Free-text object descriptions:
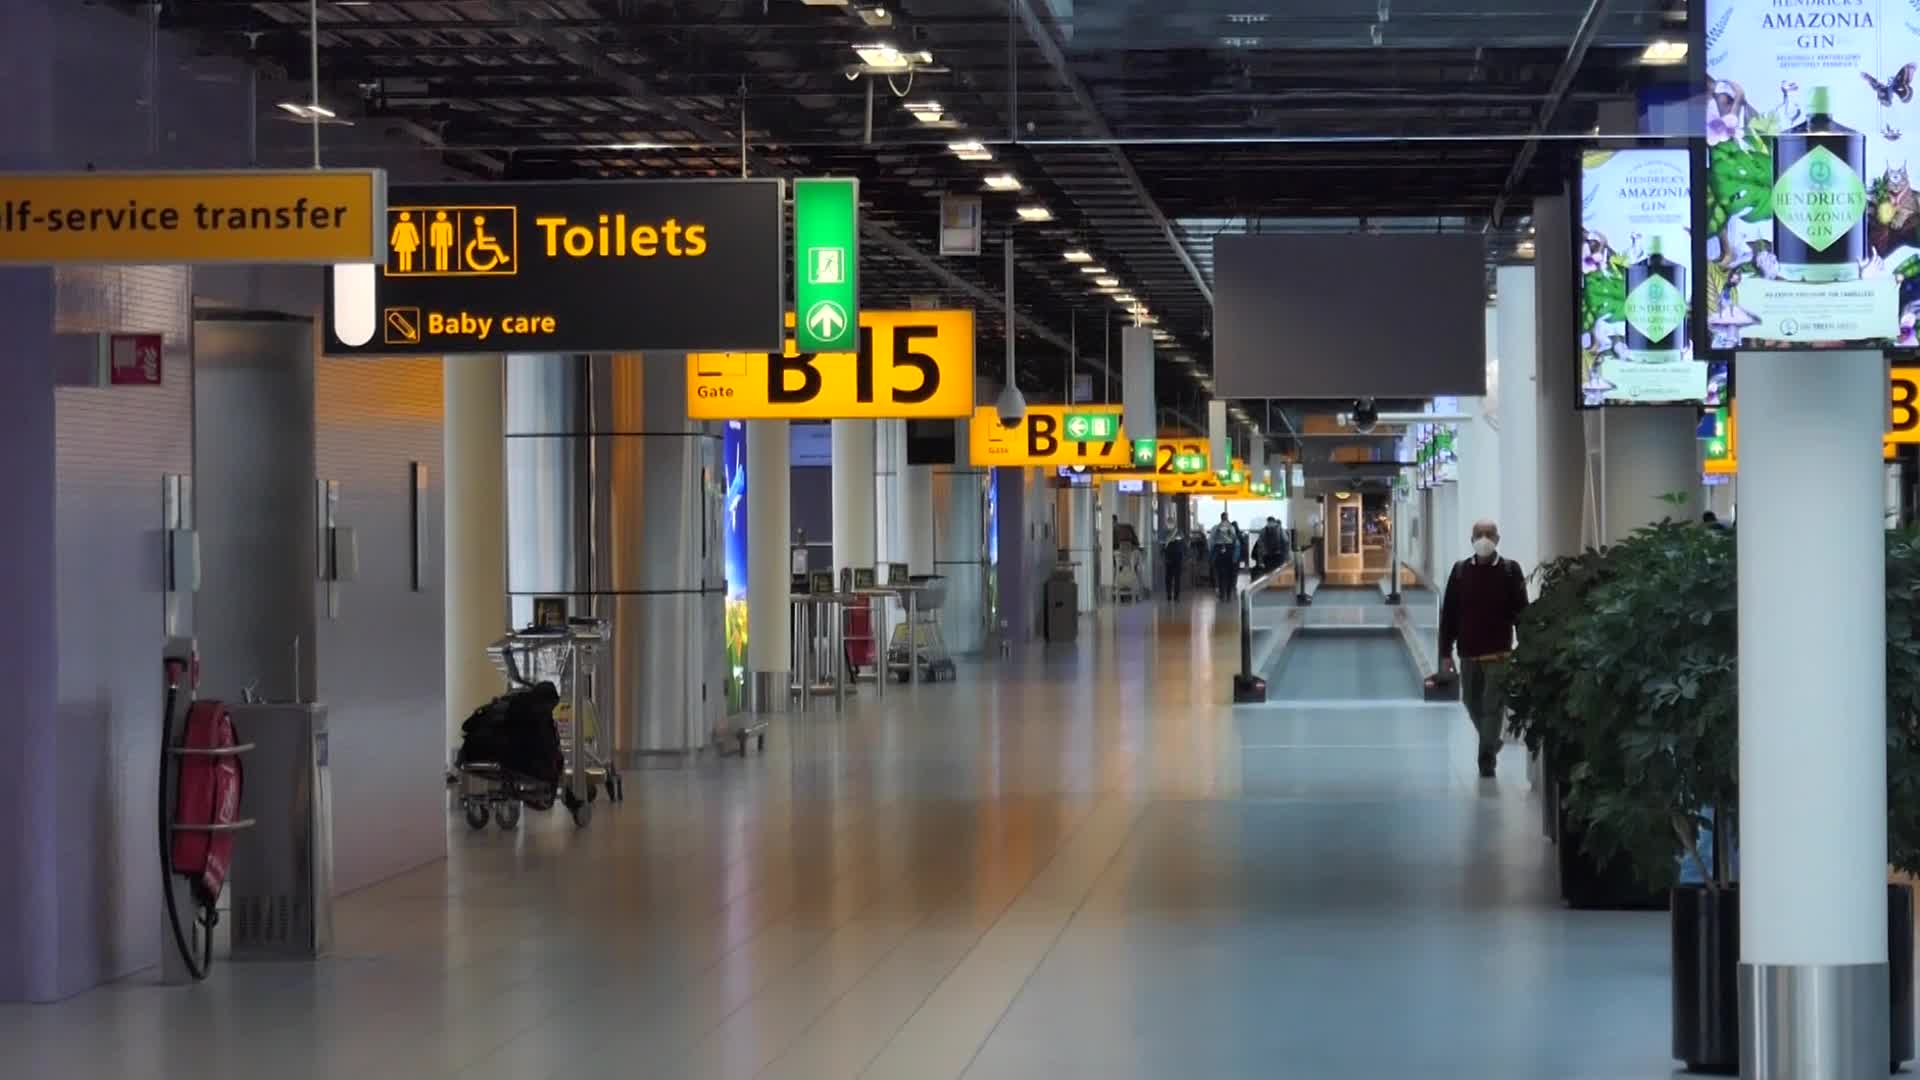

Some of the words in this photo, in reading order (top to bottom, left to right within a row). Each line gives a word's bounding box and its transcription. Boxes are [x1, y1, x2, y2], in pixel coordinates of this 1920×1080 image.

[1762, 12, 1874, 28] AMAZONIA
[1797, 34, 1834, 48] GIN
[1641, 201, 1666, 211] GIN
[194, 198, 347, 230] transfer
[536, 213, 707, 257] Toilets
[1807, 224, 1832, 236] GIN
[428, 313, 492, 340] Baby
[501, 317, 556, 334] care
[697, 386, 734, 399] Gate
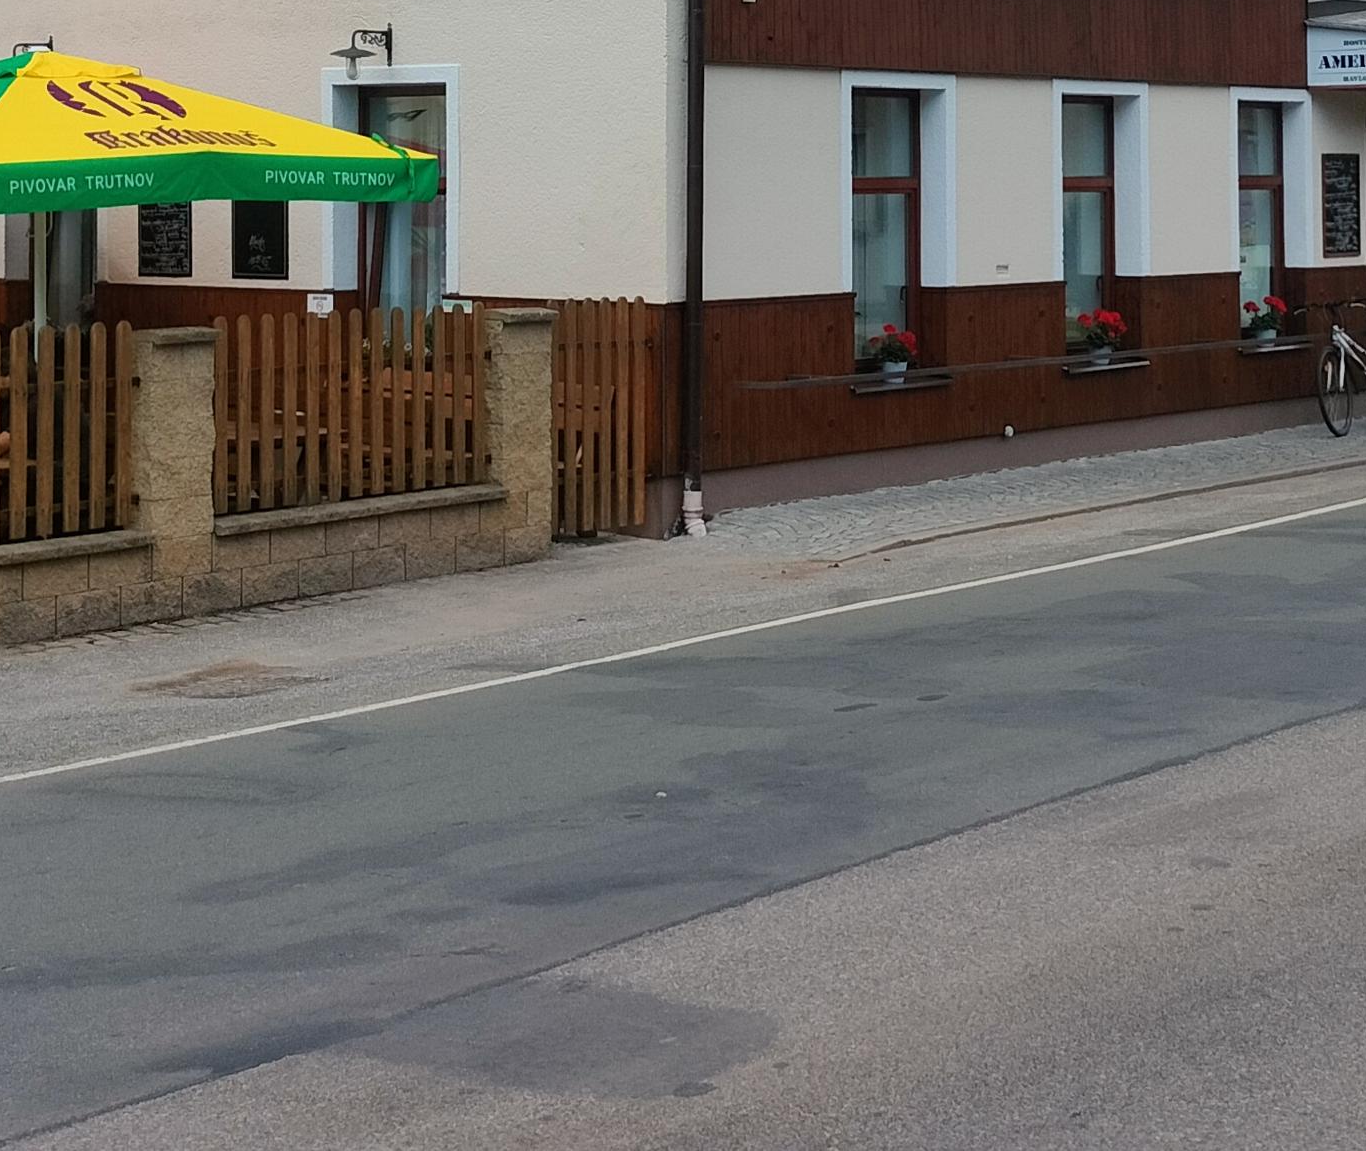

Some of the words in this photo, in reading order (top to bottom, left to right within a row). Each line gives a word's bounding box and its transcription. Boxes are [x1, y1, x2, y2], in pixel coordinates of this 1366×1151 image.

[9, 176, 77, 195] PIVOVAR
[85, 171, 155, 191] TRUTNOV
[265, 169, 325, 185] PIVOVAR
[333, 171, 395, 186] TRUTNOV
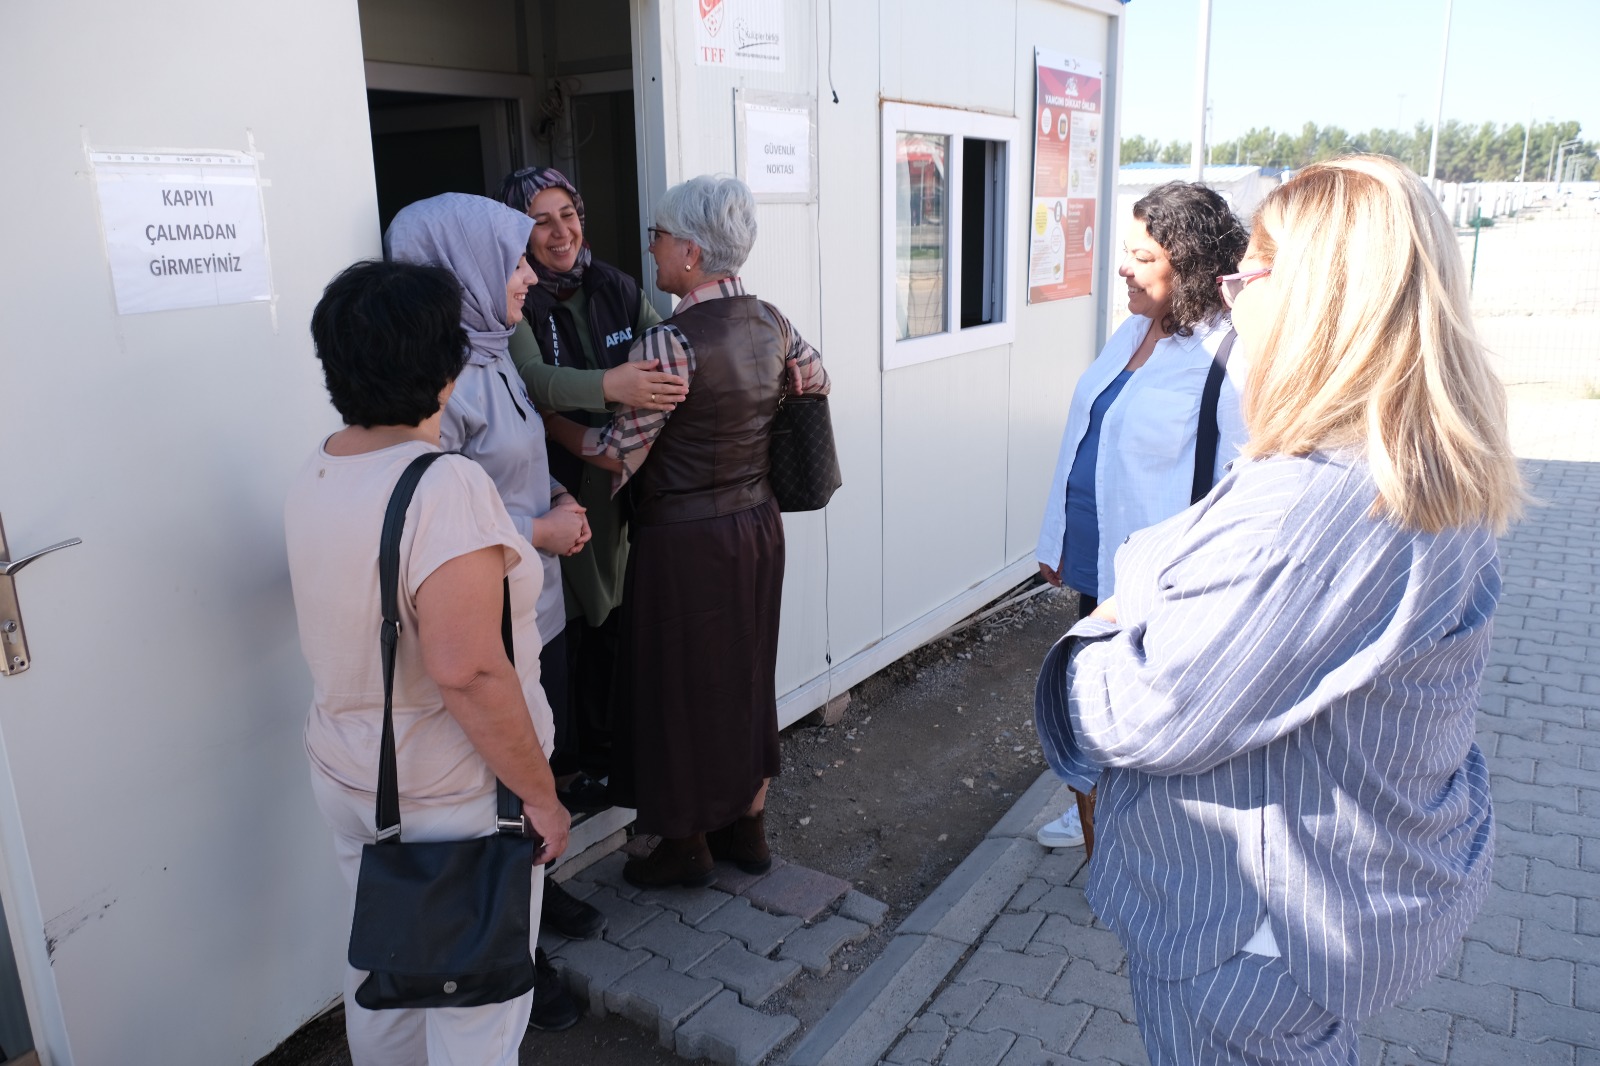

> _Task_
Copy out all the data exactly, skipping the pictures.

> _Answer section_
Some of the words in this photo, in reading order (top to bottom, left to right within a row). Each line gives a word's bounding box and its transcription. Boxes are [x1, y1, x2, y2], in pixel coordinates of this 1920×1080 image.

[1762, 12, 1874, 28] AMAZONIA
[1797, 34, 1834, 48] GIN
[1641, 201, 1666, 211] GIN
[194, 198, 347, 230] transfer
[536, 213, 707, 257] Toilets
[1807, 224, 1832, 236] GIN
[428, 313, 492, 340] Baby
[501, 317, 556, 334] care
[697, 386, 734, 399] Gate

Some of the words in this photo, in reading order (top to bottom, left to right within a row). Each line gives a word's bounding box and its transcription. Boxes are [x1, y1, x2, y2], in pixel coordinates of this 1366×1151 image.

[9, 176, 77, 195] PIVOVAR
[85, 171, 155, 191] TRUTNOV
[265, 169, 325, 185] PIVOVAR
[333, 171, 395, 186] TRUTNOV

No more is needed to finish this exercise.